# How I Overcame My Social Anxiety. Would Anyone Like a Free Copy of my Book?



## Tobi Atkins (Jun 5, 2015)

My name is Tobias.

Firstly, I never in a million years pictured I'd be here sharing a book I wrote about how I overcame social anxiety because I never thought I'd ever get over it myself.

I was professionally diagnosed with social anxiety disorder, generalised anxiety disorder, OCD and depression. For years I was on strong antidepressants (250 mg Zoloft) and during the worst of it, medical disability benefits due to my fear of job interviews. I won't go any more into my story here (you can read about it in the book)

I believed I had a genetic fault in my brain and I was "born that way." I had totally given up on myself and resigned to my fate things would always be like that for me. I didn't win the genetic lottery, better luck next lifetime.

Through a lot of effort on his part, I met a man who managed to convince me I could overcome social anxiety because he did it himself. I got the most help on my journey from people who had been through social anxiety themselves. Now I'm paying it forward by sharing what worked for me.

I'm here to share my story of recovery with you, to show you it is possible to overcome these conditions. It's not easy and there's no magic pill, but it is possible. I am living proof of that.

This book is not something I threw together last weekend. It has taken me almost a year to write and it contains a lifetime of pain and lessons. I have truly put my heart and soul into this book.
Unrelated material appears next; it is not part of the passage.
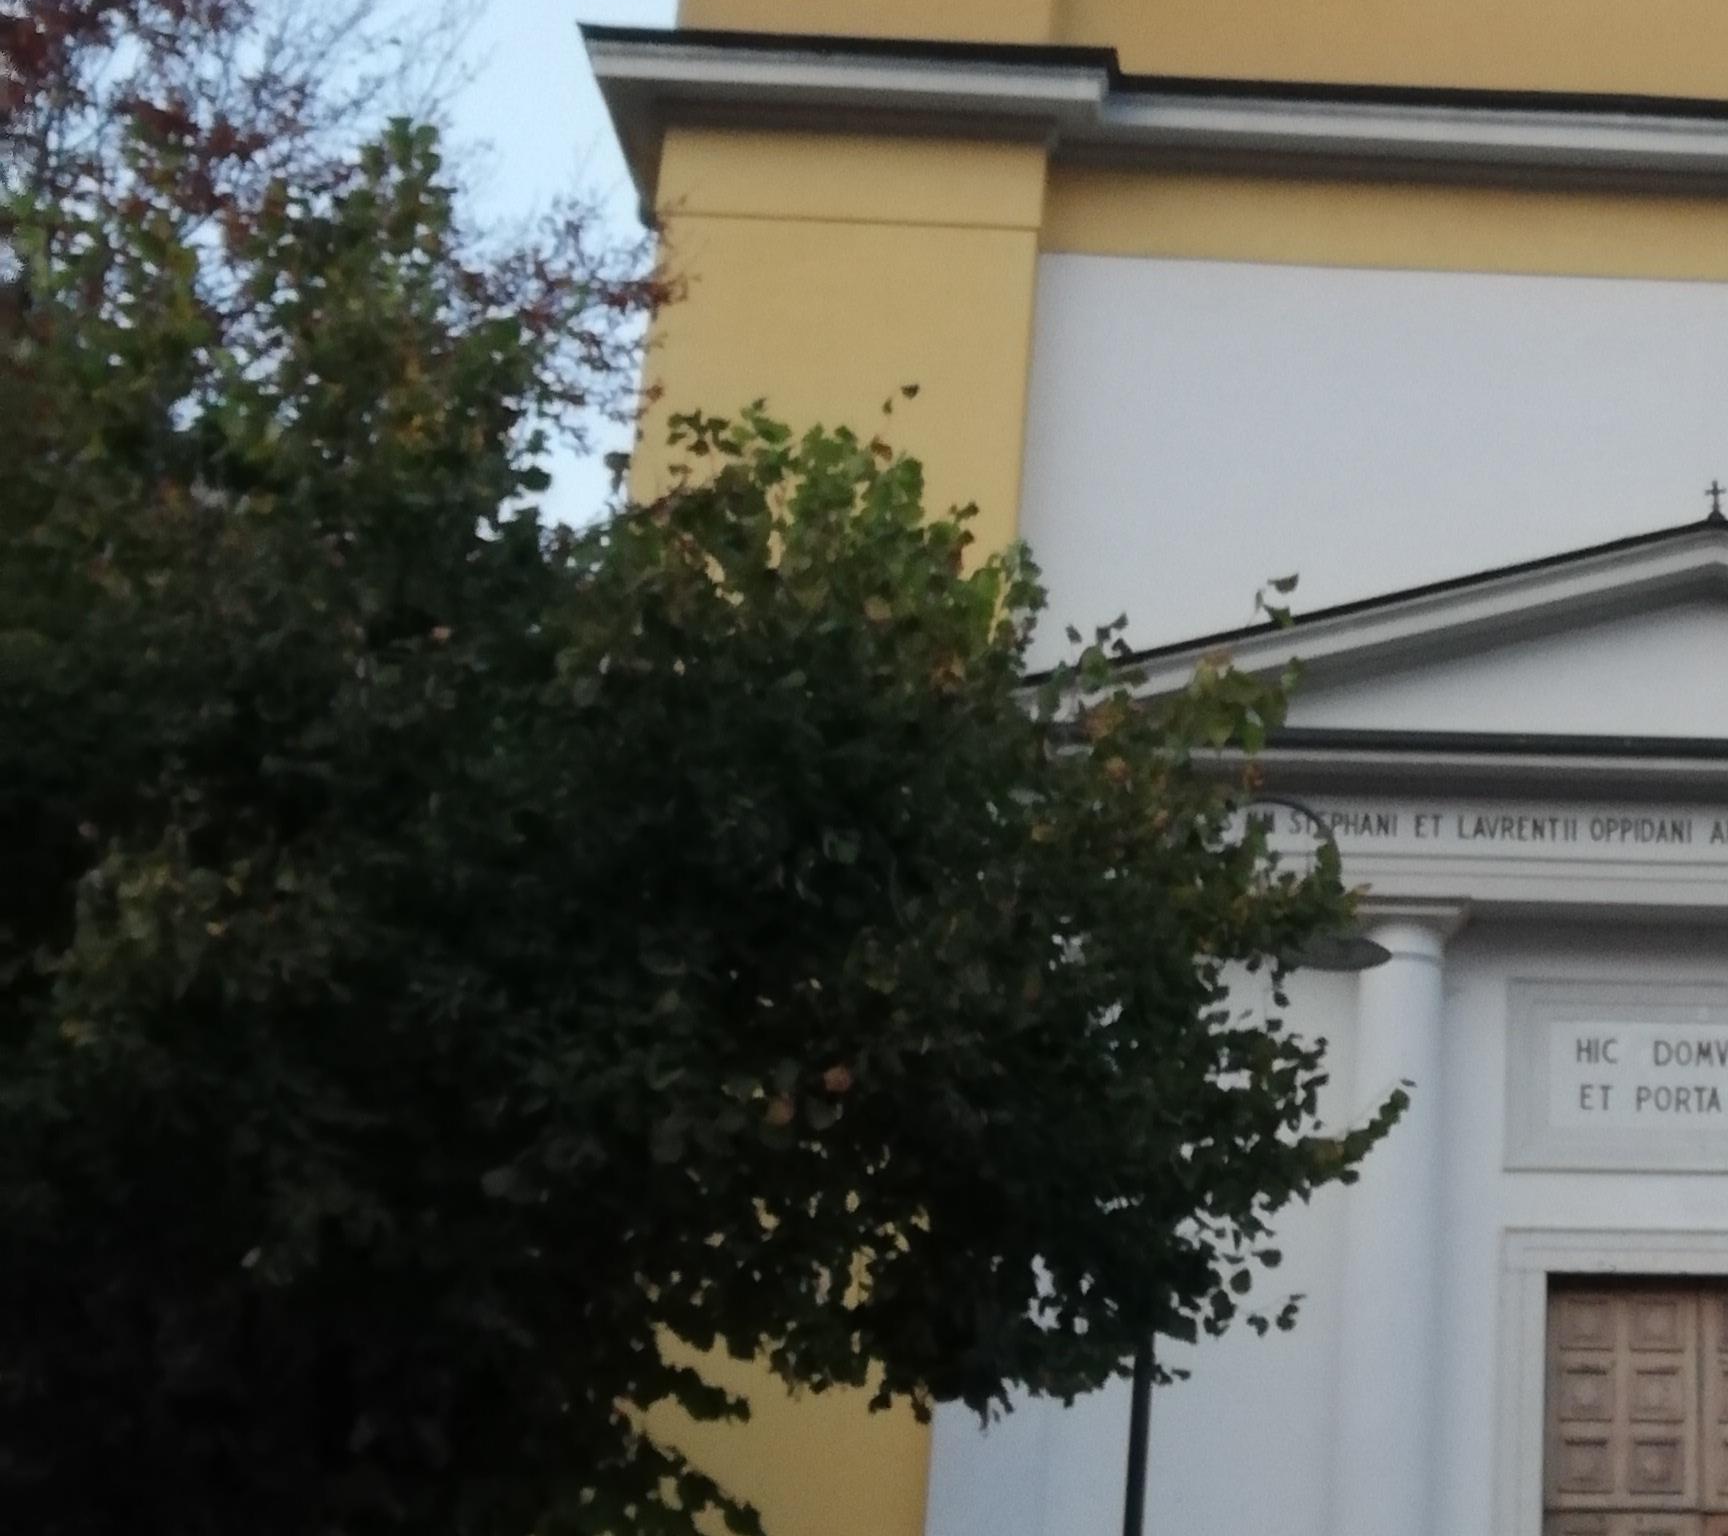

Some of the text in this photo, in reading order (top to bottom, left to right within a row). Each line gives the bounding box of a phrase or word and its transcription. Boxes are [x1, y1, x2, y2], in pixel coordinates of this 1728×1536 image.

You can download the kindle version for free on Amazon for the next 2 days. (edit: just found out you need to click on the link that applies to your country)

USA - https://www.amazon.com/How-Overcame...XTED56?ie=UTF8&qid=&ref_=tmm_kin_swatch_0&sr=

UK - https://www.amazon.co.uk/dp/B01EXTED56

Canada - https://www.amazon.ca/dp/B01EXTED56

Australia - https://www.amazon.com.au/dp/B01EXTED56

(Other countries please search for the book in your amazon store and it should be free.)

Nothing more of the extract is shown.